Elsevier

Biosensors and Bioelectronics

Volume 174, 15 February 2021, 112804
Biosensors and Bioelectronics

Real-time monitoring of geosmin based on an aptamer-conjugated graphene field-effect transistor

https://doi.org/10.1016/j.bios.2020.112804Get rights and content

Highlights

  • Water supply system suffers serious issues with odor compounds annually.

  • Nanobiosensors to detect target molecule sensitively are needed.

  • Nanomaterials were modified with target specific reactive aptamer.

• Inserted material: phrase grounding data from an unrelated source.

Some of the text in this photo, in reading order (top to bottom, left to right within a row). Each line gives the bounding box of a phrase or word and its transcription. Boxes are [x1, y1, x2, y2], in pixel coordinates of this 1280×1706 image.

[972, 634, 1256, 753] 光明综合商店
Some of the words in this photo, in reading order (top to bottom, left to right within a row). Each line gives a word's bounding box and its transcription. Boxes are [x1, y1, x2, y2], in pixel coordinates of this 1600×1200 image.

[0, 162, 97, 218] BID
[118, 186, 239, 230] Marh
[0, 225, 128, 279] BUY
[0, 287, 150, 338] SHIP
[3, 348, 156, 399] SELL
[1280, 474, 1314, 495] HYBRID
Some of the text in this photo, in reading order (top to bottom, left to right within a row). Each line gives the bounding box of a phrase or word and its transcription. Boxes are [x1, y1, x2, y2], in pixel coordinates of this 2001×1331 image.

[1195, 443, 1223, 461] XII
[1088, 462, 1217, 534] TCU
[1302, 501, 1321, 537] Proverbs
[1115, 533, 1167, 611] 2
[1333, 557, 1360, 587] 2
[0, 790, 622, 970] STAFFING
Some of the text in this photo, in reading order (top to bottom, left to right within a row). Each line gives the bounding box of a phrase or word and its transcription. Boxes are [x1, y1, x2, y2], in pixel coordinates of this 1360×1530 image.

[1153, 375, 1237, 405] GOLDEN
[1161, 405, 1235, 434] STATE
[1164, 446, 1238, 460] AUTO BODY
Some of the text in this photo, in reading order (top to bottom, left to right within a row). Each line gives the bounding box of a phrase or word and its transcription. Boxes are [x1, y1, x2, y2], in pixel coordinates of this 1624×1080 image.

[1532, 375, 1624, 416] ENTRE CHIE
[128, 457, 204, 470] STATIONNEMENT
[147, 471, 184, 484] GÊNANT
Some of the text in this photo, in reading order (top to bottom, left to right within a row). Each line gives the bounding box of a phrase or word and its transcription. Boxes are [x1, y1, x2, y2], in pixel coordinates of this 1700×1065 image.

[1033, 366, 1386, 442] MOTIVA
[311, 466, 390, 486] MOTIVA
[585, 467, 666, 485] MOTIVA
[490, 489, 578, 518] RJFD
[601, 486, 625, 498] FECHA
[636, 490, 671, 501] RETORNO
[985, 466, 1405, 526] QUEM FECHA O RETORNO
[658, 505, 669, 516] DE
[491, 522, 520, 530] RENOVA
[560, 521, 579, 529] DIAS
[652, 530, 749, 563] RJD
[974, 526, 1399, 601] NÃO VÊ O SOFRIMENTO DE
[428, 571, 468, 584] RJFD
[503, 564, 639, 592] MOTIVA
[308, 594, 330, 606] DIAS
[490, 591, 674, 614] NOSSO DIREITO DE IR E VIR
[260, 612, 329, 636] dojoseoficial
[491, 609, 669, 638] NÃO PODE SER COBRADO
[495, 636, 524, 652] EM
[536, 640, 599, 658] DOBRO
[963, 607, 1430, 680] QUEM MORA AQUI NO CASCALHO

  • Real-time monitoring with graphene electronics showed high sensitivity and accuracy using river water sample.

Abstract

In this paper, we propose a novel field-effect transistor (FET) using graphene, which is a two-dimensional (2D) nanomaterial, capable of evaluating water quality, and immobilizing the surface of a graphene micropatterned transistor with a highly responsive bioprobe for a water contamination indicator, geosmin, with high selectivity. A high-quality bioprobe-immobilized graphene FET (GFET) was fabricated for the real-time monitoring of geosmin using a liquid-gate measurement configuration. Immobilization was confirmed by measuring the change in the electrical characteristics of the platform (slope of the current-voltage (I–V) curve) and fluorescence images. In addition, a selectivity test showed remarkable implementation of the highly sensitive sensing platform with an insignificant signal when a nontarget was added. Using the fabricated device, the linear range for geosmin detection was determined to be from 0.01 nM - 1 μM with a detection limit of 0.01 nM. In addition, geosmin concentrations as low as 10 nM could be determined from river water samples with the sensor platform. This sensor can be utilized to immediately determine the presence of odorous substances by analyzing a water supply source without additional pretreatment. Another advantage is that the sensor device is a promising tool that does not have special equipment that requirs careful maintenance. In addition, the device provides a new platform for detecting harmful substances in various water sources by varying the bioprobes that are empolyed.

Introduction

As the Earth is becoming warmer, severe environmental issues, such as increases in the temperatures of seawater and reservoirs, persistent drought and sharply rising desert areas, have become urgent problems. In particular, continuous climate change makes drinkable water useless due to blooms of algae such as diatoms, green algae and blue-green algae (cyanobacteria) (Suurnakki et al., 2015; Urase and Sasaki, 2013). Geosmin, which has a musty odor, is an algae metabolite that contaminates water supply systems. As shown by several research results, one of the main reasons for the low satisfaction levels of tap water is odor compounds (Watson et al., 2016; Parinet et al., 2010), which remain after flowing through the water supply system. To increase trust and satisfaction with drinking water, the sensitive detection of odor compounds below the concentrations detectable by the human nose is critical (Xu et al., 2020). The human sense of smell is very sensitive and can detect at least 5 ppt geosmin. The detection of minute concentrations of geosmin or other metabolites from algae is necessary. However, detecting geosmin at low concentrations has been challenging for existing instruments. In addition, existing devices show limitations in the real-time monitoring of algae because pretreatment is time-consuming, and an expert is required to operate the necessary equipment.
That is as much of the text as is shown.